At Monday’s press conference, both Zeidan and his Deputy, Awad Barasi, again appealed for patience and time. Moreover, promising that solutions will soon follow with the approval of the budget by the GNC, Zeidan attempted to explain part of the reason the government is not spending.
“We are restricted by the audit bureau and its rules and regulations, which might be acceptable in ordinary times but in our present situation it may be too restrictive”, Zeidan complained.
“We hope they (the Audit Bureau) can ease their procedures so that we can take action faster”, the Prime Minister pleaded.
“We are awaiting the GNC approval of the budget so that we can execute government policies”, the Prime Minister said in the hope of offering some reassurance.
Zeidan then went on to give an example of his intention to get some faster movement on the ground. Referring to the recently announced batch of construction sector projects Zeidan explained that his government had “promised the contracting companies 50 percent payments upfront so that they can execute quickly”, he emphasized.
Meanwhile his Deputy revealed that the government had “made decisions to pay many outstanding wages recently for some of the stalled companies”.
The Prime Minister’s complaints highlight the fact that the present administration is still for all intents and purposes, operating under and within the restrictive Qaddafi era rules and laws.

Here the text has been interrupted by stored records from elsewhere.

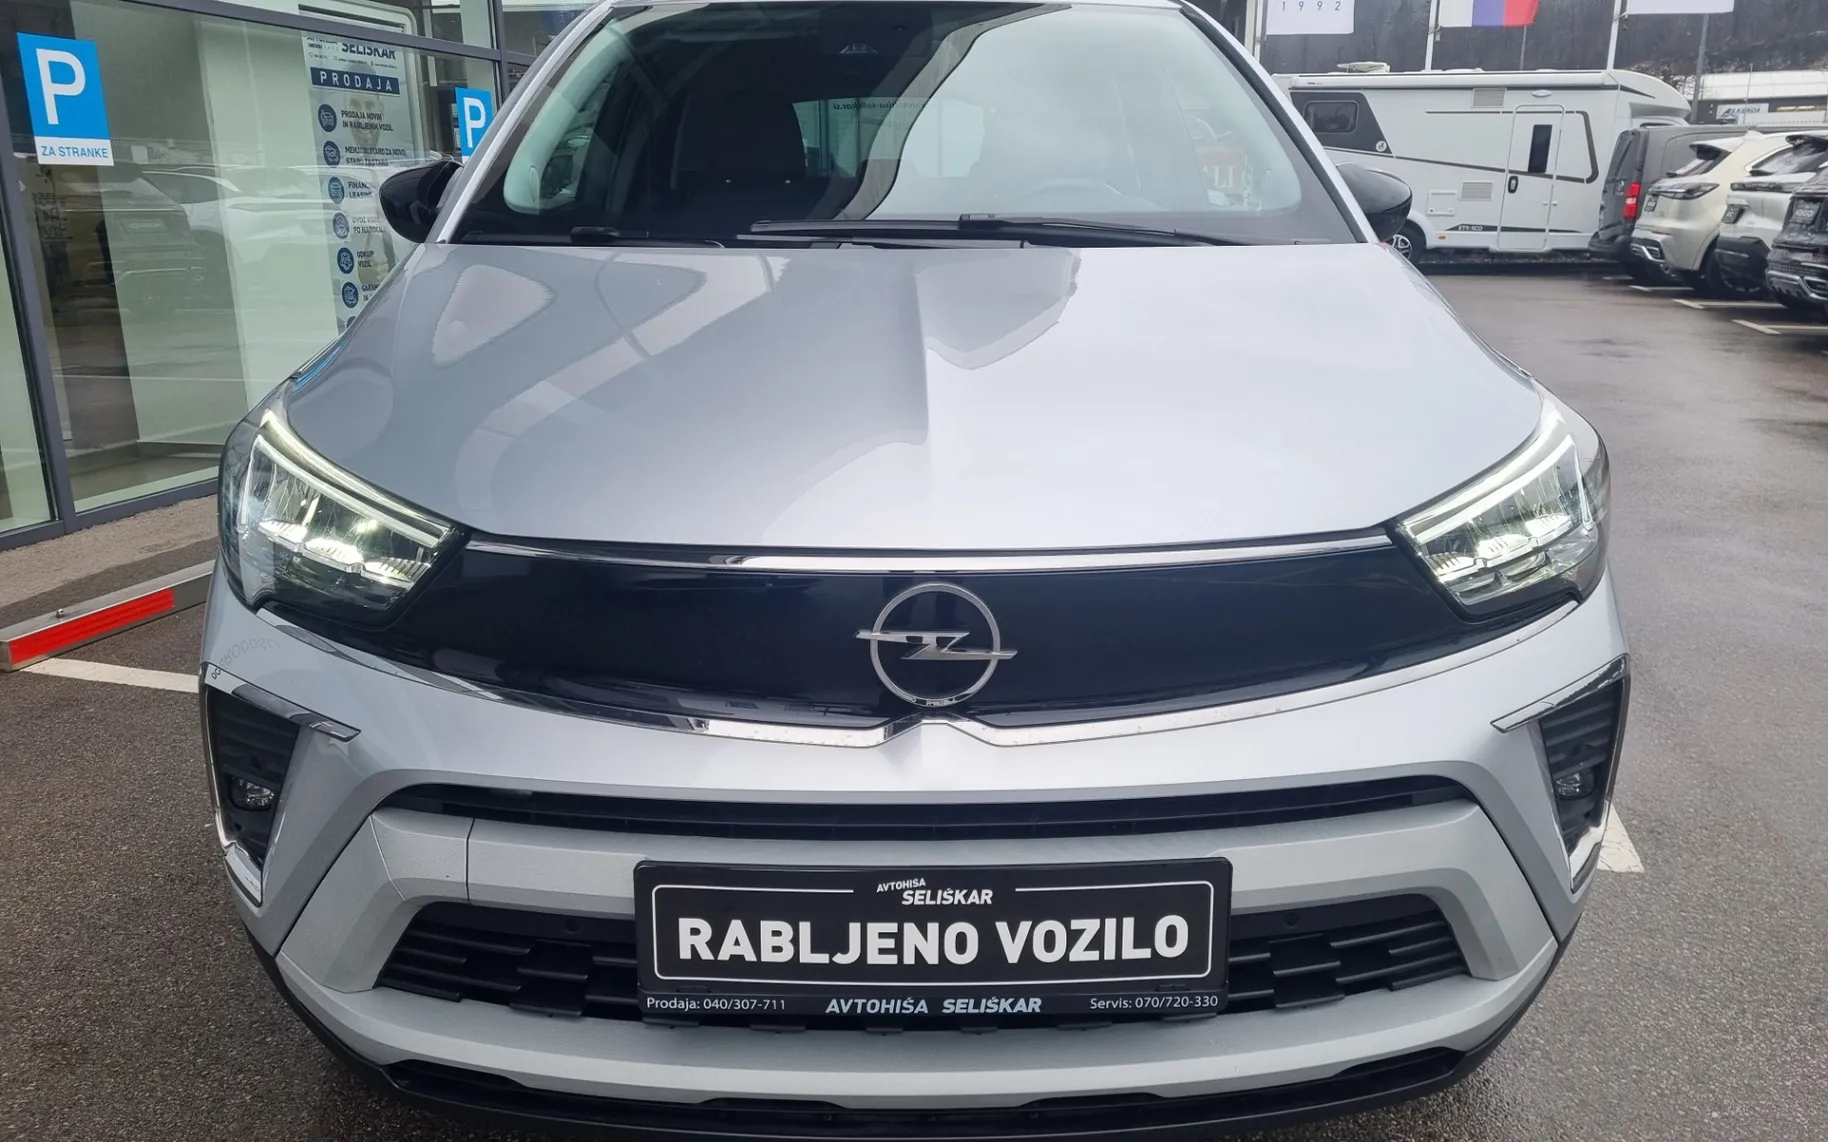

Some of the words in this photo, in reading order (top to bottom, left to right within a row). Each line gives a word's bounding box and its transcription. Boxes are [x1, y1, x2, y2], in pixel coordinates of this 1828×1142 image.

[1281, 1, 1341, 11] 1992
[36, 48, 86, 125] P
[320, 71, 392, 91] PRODAJA
[341, 110, 365, 119] PRODAJA
[463, 97, 486, 148] P
[41, 145, 57, 157] ZA
[58, 146, 109, 158] STRANKE
[877, 878, 926, 893] AVTOHIŠA
[901, 888, 993, 906] SELIŠKAR
[678, 918, 979, 965] RABLJENO
[995, 915, 1189, 964] VOZILO
[647, 997, 700, 1012] Prodaja:
[703, 998, 786, 1011] 040/307-711
[825, 996, 929, 1014] AVTOHIŠA
[942, 996, 1042, 1014] SELIŠKAR
[1090, 997, 1132, 1010] Servis:
[1135, 995, 1219, 1008] 070/720-330
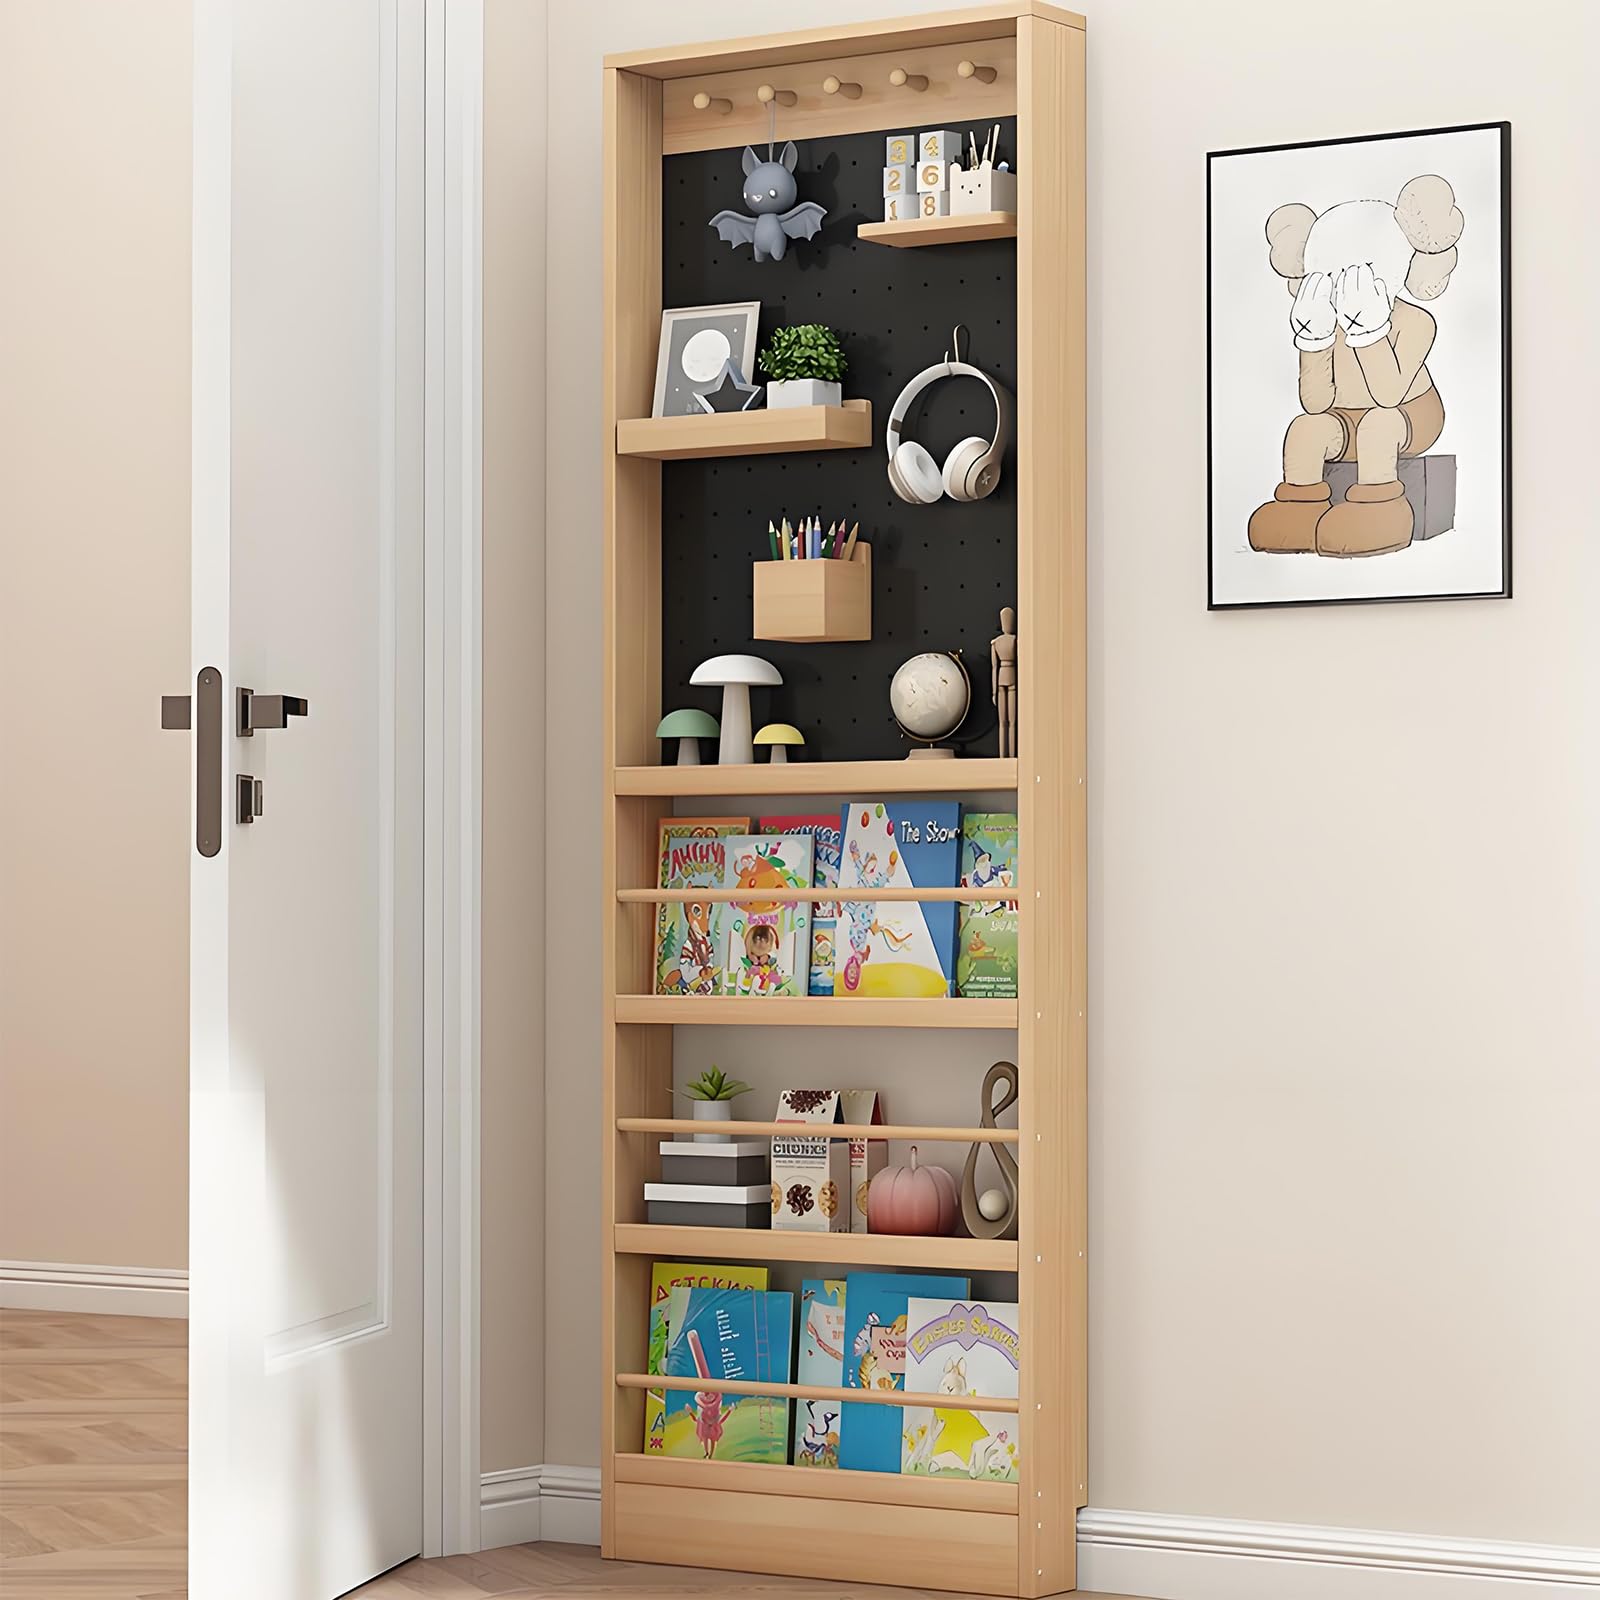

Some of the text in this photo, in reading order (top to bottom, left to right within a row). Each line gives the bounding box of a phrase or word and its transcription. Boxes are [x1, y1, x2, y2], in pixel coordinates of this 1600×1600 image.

[923, 135, 939, 157] 4
[887, 169, 901, 192] 2
[921, 164, 939, 186] 6
[889, 199, 898, 221] 1
[923, 195, 936, 217] 8
[901, 820, 920, 843] The

The present legislature, the GNC, has done little to reform the existing set of laws governing life in Libya.
The National Transitional Council’s (NTC) Transitional Constitutional Declaration, the social contract that on the whole governs the relationship between the Libyan public and their political rulers, states in article 35 that unless repealed or contrary to the Revolution, all the old laws remain in force.
Zeidan may be beginning to feel the mounting pressure of public opinion heightened by the approach of the emotional second anniversary of the 17th February Revolution. His attempt to blame the current laws may also be seen as an attempt to deflect some of the blame laid at his government’s door towards the GNC.
It is not clear why the GNC has not attempted to reform many of the Qaddafi-era laws that are clearly inapplicable in a free-market, decentralized, private sector democratic era.
Some of the reason could be simply down to their inexperience and ineffectiveness, whilst some to the fact that the GNC may feel it does not quite have the full legitimacy to be executing wholesale reform.